Nicolas Sarkozy, ex-presidente da França, esteve preso recentemente por fraude e conspiração, tornando-se o primeiro mandatário moderno a cumprir prisão. Em seu novo livro, The Diary of a Prisoner, ele apresenta reflexões sobre o período atrás das grades e sobre seus apoiadores.

O livro, escrito à mão em uma mesa simples na prisão, relata que Sarkozy cumpriu 20 dias de pena e aguarda recurso. O conteúdo aborda a relação com Marine Le Pen e a configuração da direita francesa, incluindo a ideia de convergência sem exclusões.

Segundo o autor, o partido de Le Pen, o RN, não é um perigo para a França e não apoiará um frente unida contra ela no pleito seguinte. O texto sugere que a direita deve se reconstruir com aliados variados, sem abrir mão de princípios.

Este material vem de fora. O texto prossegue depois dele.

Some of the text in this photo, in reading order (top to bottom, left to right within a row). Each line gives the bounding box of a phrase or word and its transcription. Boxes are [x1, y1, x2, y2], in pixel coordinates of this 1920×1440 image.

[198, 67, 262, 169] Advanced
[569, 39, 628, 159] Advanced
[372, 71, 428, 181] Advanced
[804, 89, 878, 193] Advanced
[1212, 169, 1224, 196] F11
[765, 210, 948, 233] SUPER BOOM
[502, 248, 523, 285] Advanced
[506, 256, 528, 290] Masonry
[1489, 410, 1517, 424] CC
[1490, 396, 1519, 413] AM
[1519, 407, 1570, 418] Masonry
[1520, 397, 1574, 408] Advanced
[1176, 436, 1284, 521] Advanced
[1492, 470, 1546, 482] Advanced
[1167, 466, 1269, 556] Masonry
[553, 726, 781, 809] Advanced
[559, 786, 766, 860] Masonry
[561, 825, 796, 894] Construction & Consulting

RN, Le Pen e a construção da direita

Sarkozy afirma que muitos de seus antigos apoiadores podem votar em Le Pen, o que ele entende como sinal de mudança no espectro político. O ex-chefe de Estado comenta ainda que houve correspondência de aliados e visitas de personalidades internacionais durante a prisão.

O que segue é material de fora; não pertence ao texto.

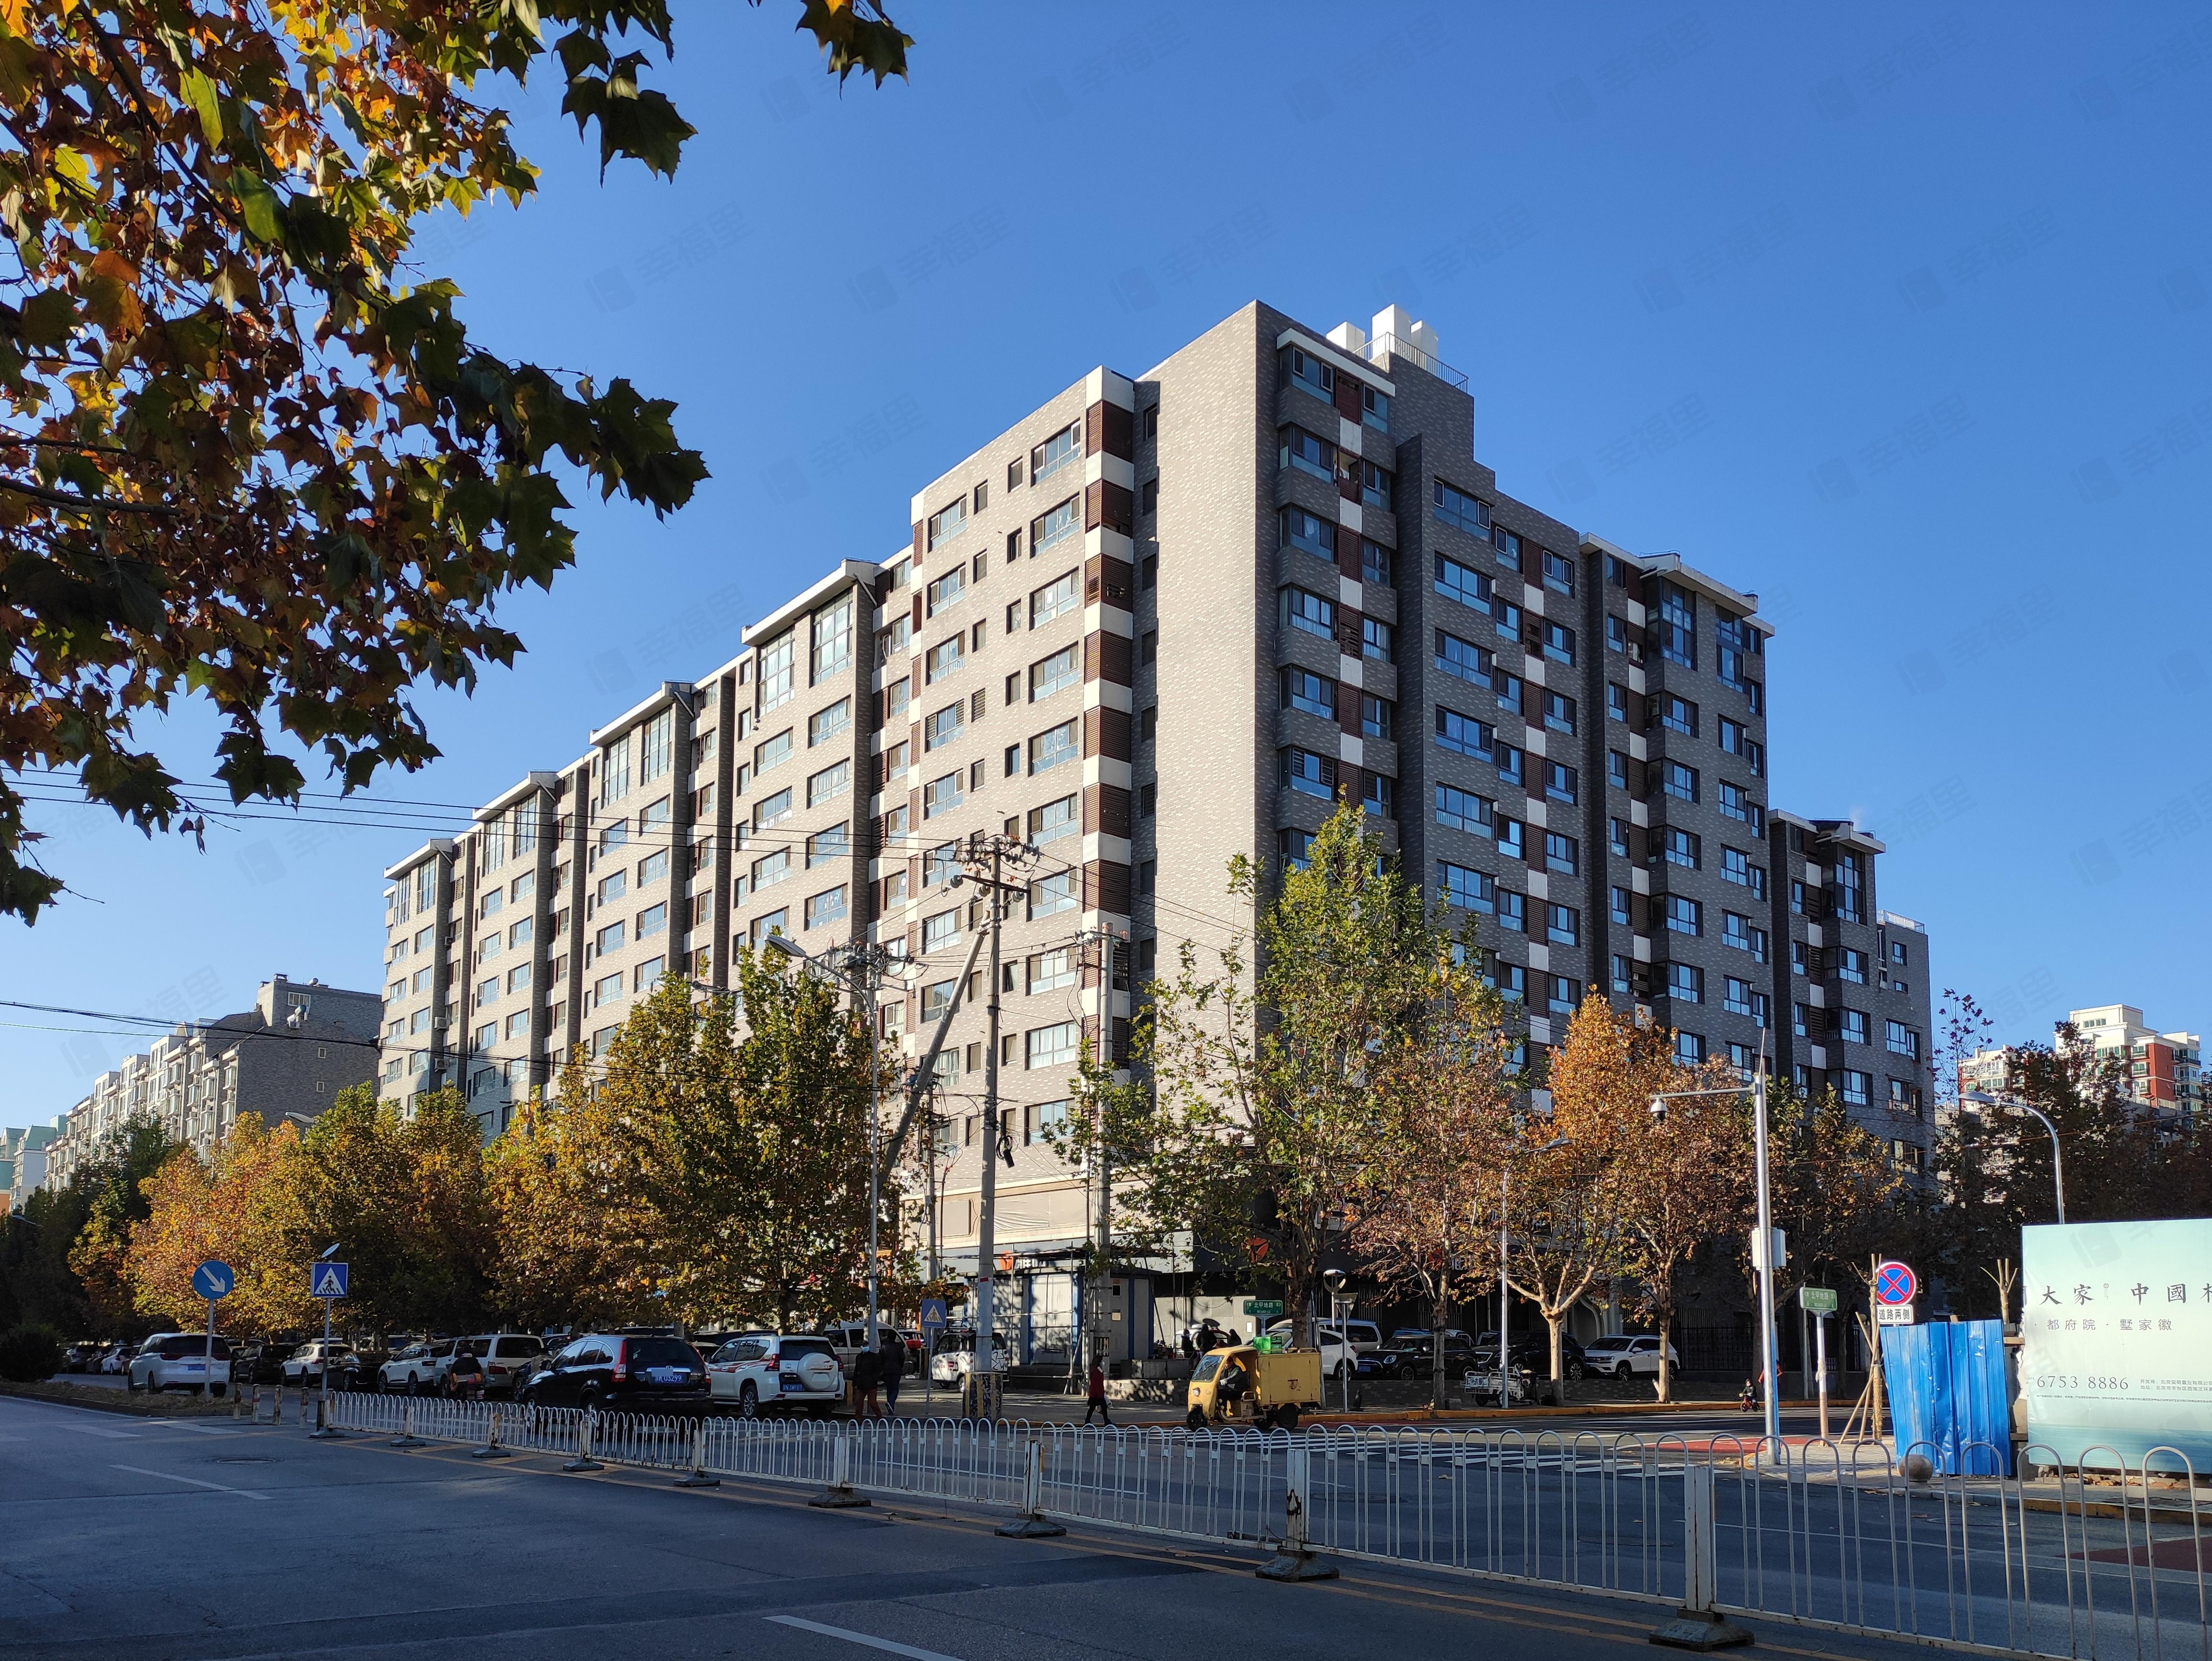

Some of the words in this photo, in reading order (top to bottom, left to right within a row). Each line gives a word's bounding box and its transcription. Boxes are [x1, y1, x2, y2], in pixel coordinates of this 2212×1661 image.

[1879, 1308, 1910, 1320] 道路两侧
[2037, 1375, 2078, 1388] 6753
[2088, 1376, 2128, 1390] 8886

Entre os relatos, o ex-presidente menciona o apoio de Sébastien Chenu, deputado e aliado próximo de Le Pen, que teria enviado cartas de suporte semanais. O livro também menciona visitas solicitadas por autoridades estrangeiras durante o período de cárcere.

A respeito da situação judicial de Le Pen, Sarkozy observa que ela foi impedida de concorrer, após condenação por desvio de fundos do Parlamento Europeu. O caso pode influenciar decisões sobre a candidatura presidencial de 2027.

Conforme trechos publicados, Kushner, atual embaixador dos EUA na França, pediu para visitar Sarkozy na prisão. Segundo a imprensa, o encontro ocorreu após a libertação do ex-presidente, com justificativa de respeito institucional.